One client, we'll call him Mr. P, has been bringing his pets to us for several years.  One of them is a very sweet but grossly obese mixed breed dog.  More than a year ago she developed a mass in her mammary gland and it has grown rather large since then.  In recent months it has begun opening up and draining due to tissue damage in the center.  The dog is 15 years old, has a heart murmur, and isn't in great health, so she isn't a good candidate for a radical mastectomy.  Unfortunately, surgery is the only way to resolve the problem.
Recently she was taken to a neighboring grooming salon that we work with.  They brought her over to me because the mass was open and nasty.  When I looked at her it was worse than when I had seen her two months before, with the center open larger and the surface skin eroding.  I cleaned it up as best as I could, called Mr. P, and told him what was going on.  As before, I had reiterated that there was nothing we could permanently do other than surgery.  However, we would try some antibiotics and antiinflammatories to help it a little.  He was okay with that, agreed to the treatment, and picked her up a little later in the day.
This day was particularly crazy for me.  I was the only doctor on staff and we had a ton of patients.  I ended up seeing 31 pets that day, when a typical schedule is for 18-20.  This meant that I never stopped, didn't take any breaks, and ate my lunch while putting in medical notes.  I was absolutely swamped and barely had time to take a breath. 

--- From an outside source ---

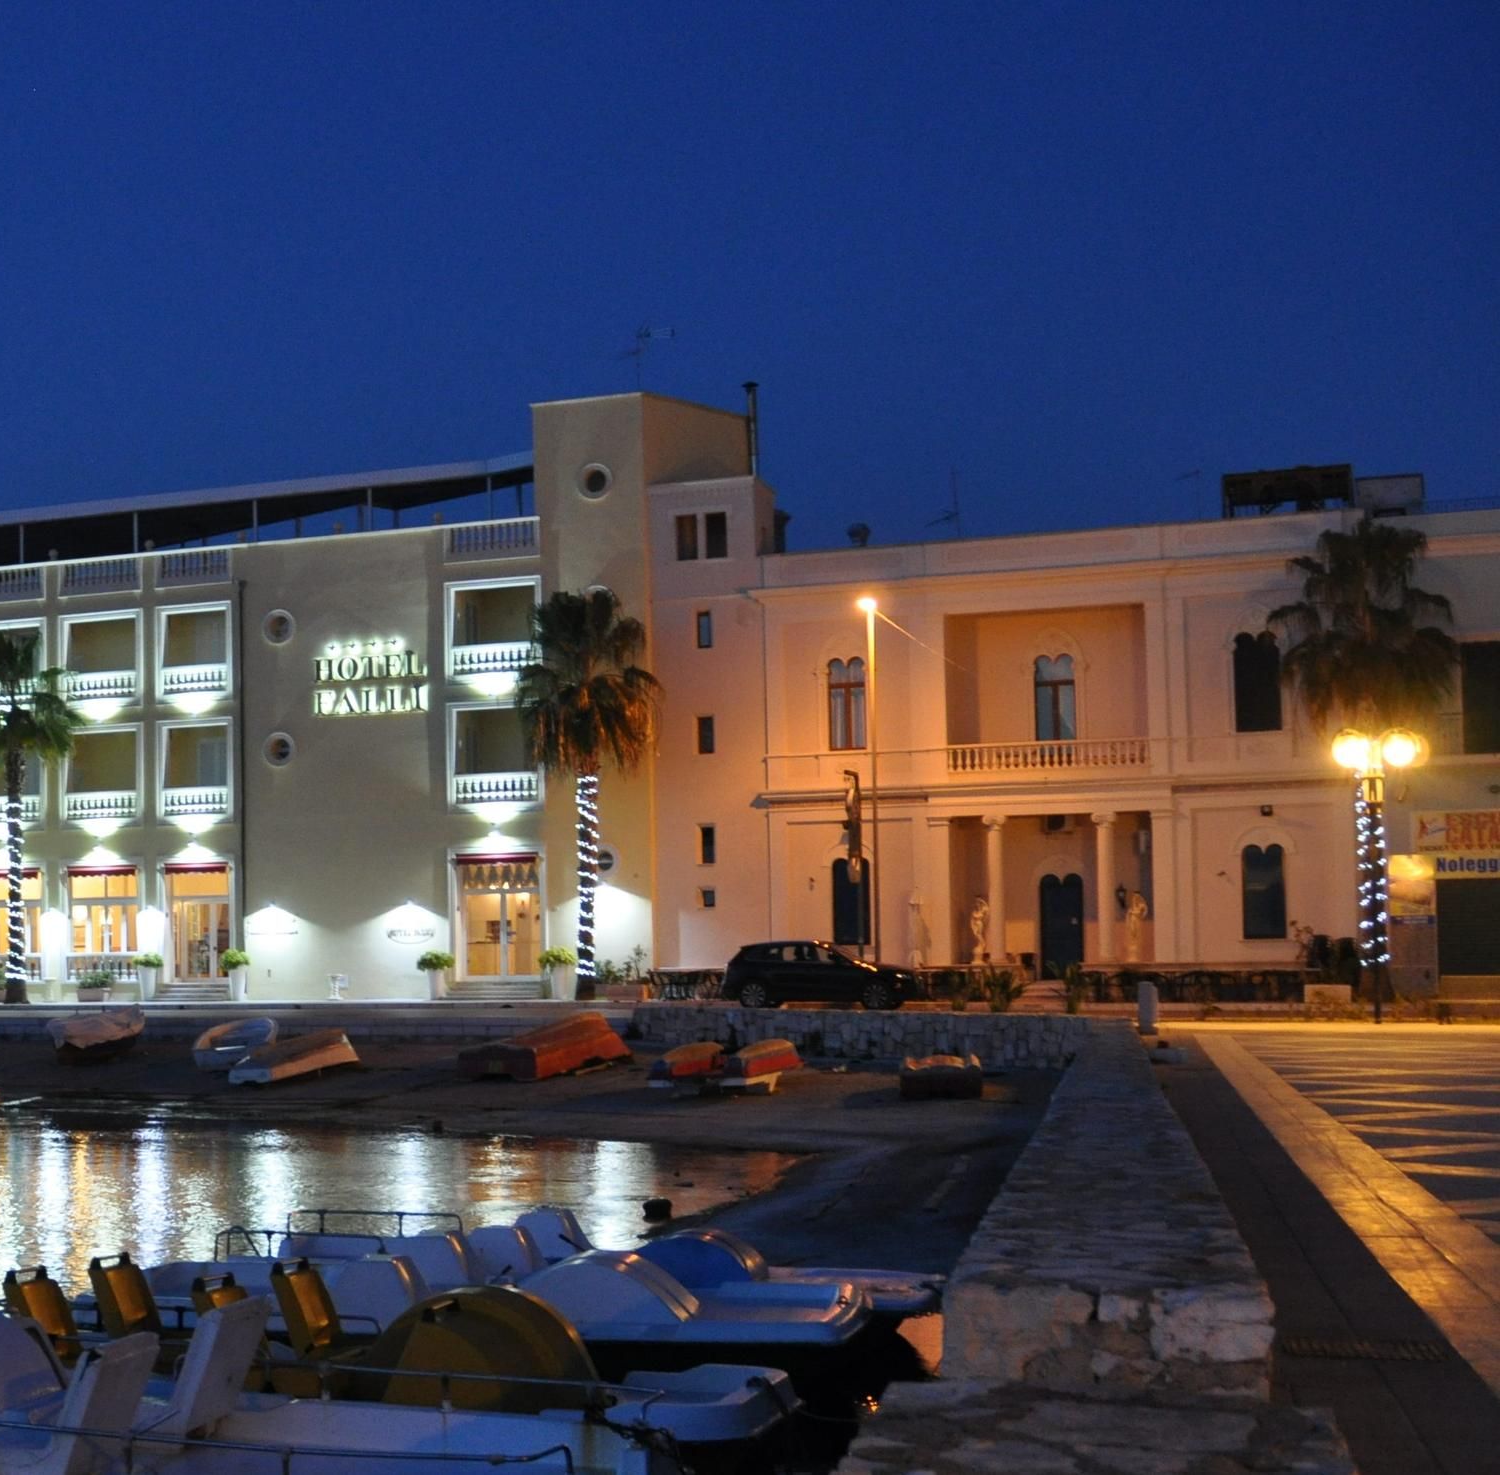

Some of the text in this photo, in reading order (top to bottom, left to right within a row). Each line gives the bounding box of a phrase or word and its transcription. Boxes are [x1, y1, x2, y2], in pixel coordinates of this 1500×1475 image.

[313, 650, 427, 682] HOTEL
[314, 682, 428, 714] FALLI
[1436, 857, 1499, 873] Nolegg

Mr. P calls and speaks to my receptionist, saying that his dog's mass was oozing.  He wanted to speak to me for just a few seconds to find out what to do.  I simply didn't have any time to spare as I had all exam rooms full and dropped-off patients I still hadn't seen.  I had them tell him that I'd call him back later, which wasn't good enough for him.  He got mad on the phone and said that he'd be right down with her.  When they told me this I sighed and prepared for a rough afternoon.

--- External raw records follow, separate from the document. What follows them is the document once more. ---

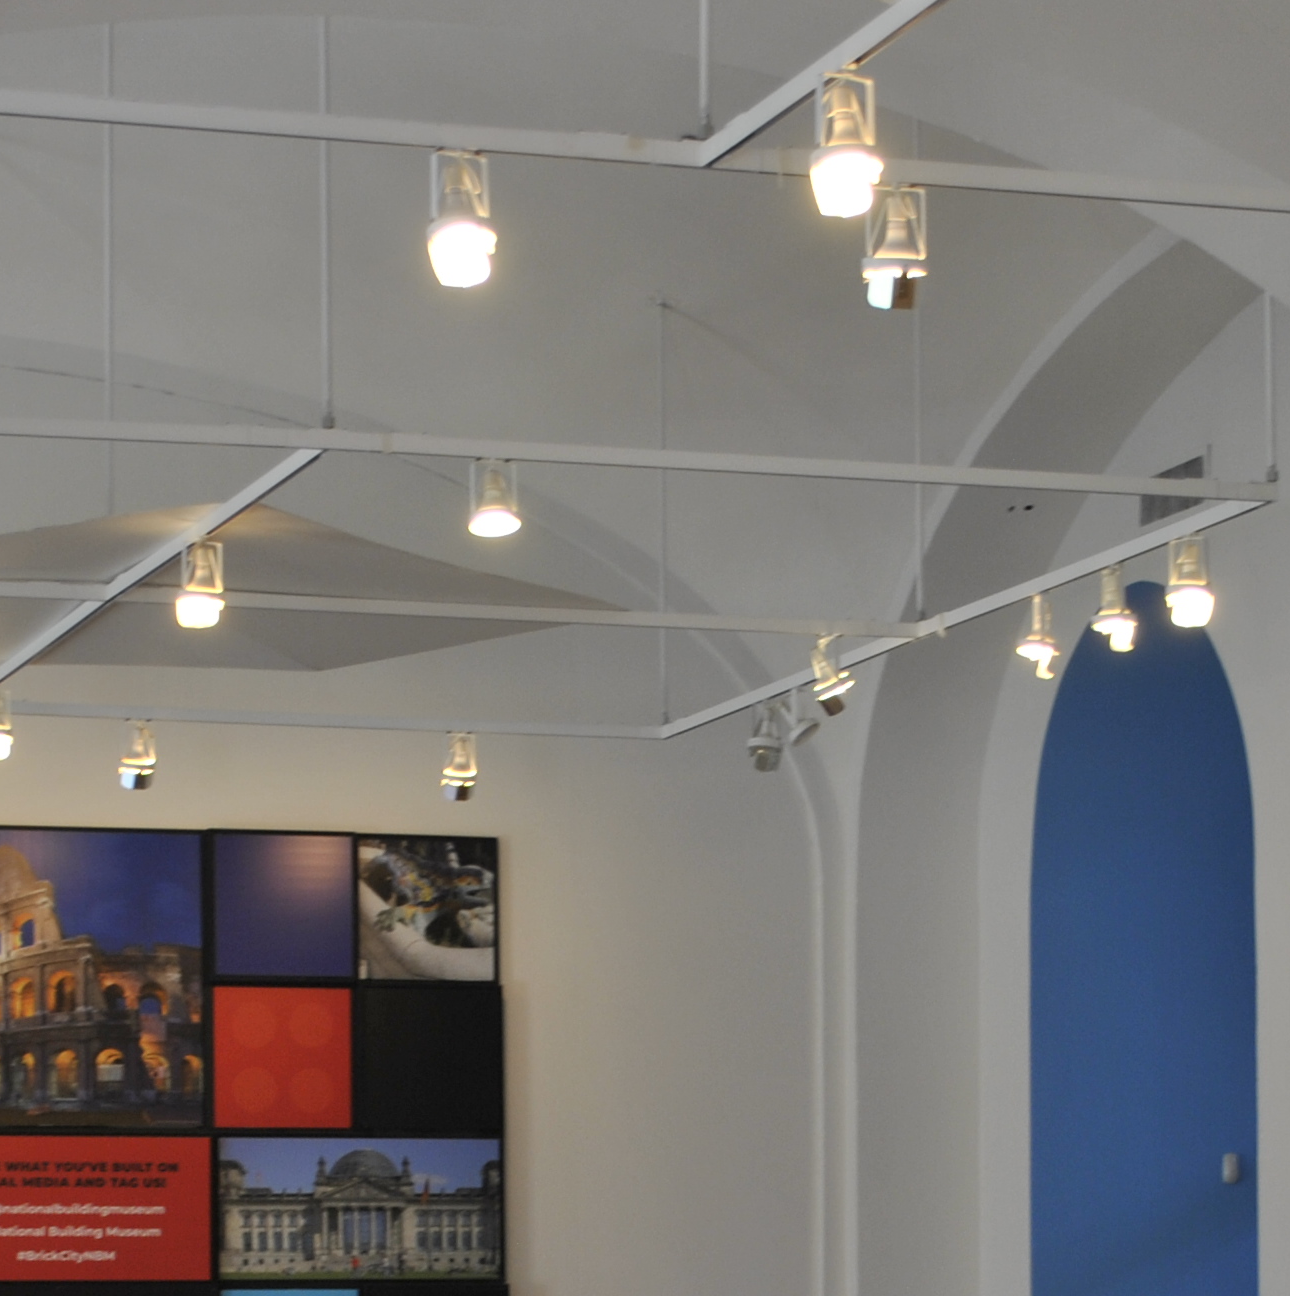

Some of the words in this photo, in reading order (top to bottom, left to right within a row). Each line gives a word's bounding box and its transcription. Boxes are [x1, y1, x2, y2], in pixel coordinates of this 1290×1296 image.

[5, 1161, 49, 1173] WHAT
[112, 1162, 153, 1173] BUILT
[158, 1162, 179, 1173] ON
[23, 1177, 69, 1188] MEDIA
[75, 1177, 106, 1188] AND
[111, 1177, 139, 1188] TAG
[143, 1177, 166, 1188] US!
[48, 1226, 104, 1240] Building
[106, 1227, 161, 1238] Museum
[16, 1250, 116, 1263] #BrickCityNBM

When Mr. P came in I had all four exam rooms full with appointments.  He saw me through the window of one and knocked on the door, which I ignored since I was in the middle of an exam on another pet.  As soon a room opened up my staff put him in there, but I had scheduled appointments and continued to see them.  By the time I was able to go into the room with Mr. P and his dog, he had been waiting about an hour.  Remember that he had just shown up, even though he had been told that we were very busy.
When I finally walked into the room Mr. P was quite mad.  As we started talking he became verbally abusive, talking about "g*dd**n" this and "f***ing" that.  He also said that he was being treated like a third class citizen.  I could see that we weren't going to get very far, so I stopped him and told him that if he continued to speak like that I was going to ask him to leave.
I'm a very patient guy and have learned to handle stress and frustrated clients.  But there is no reason for anyone to stand up and simply take cursing and abuse, no matter who is doing it to them.  I've always told my staff that they don't have to put up with people acting that way, and I'll back them up.  Over the years I've had clients get that abusive on the phone, but rarely in person.  In either case, it's not acceptable to me.  Having a conversation is one thing, but yelling back and forth is quite another.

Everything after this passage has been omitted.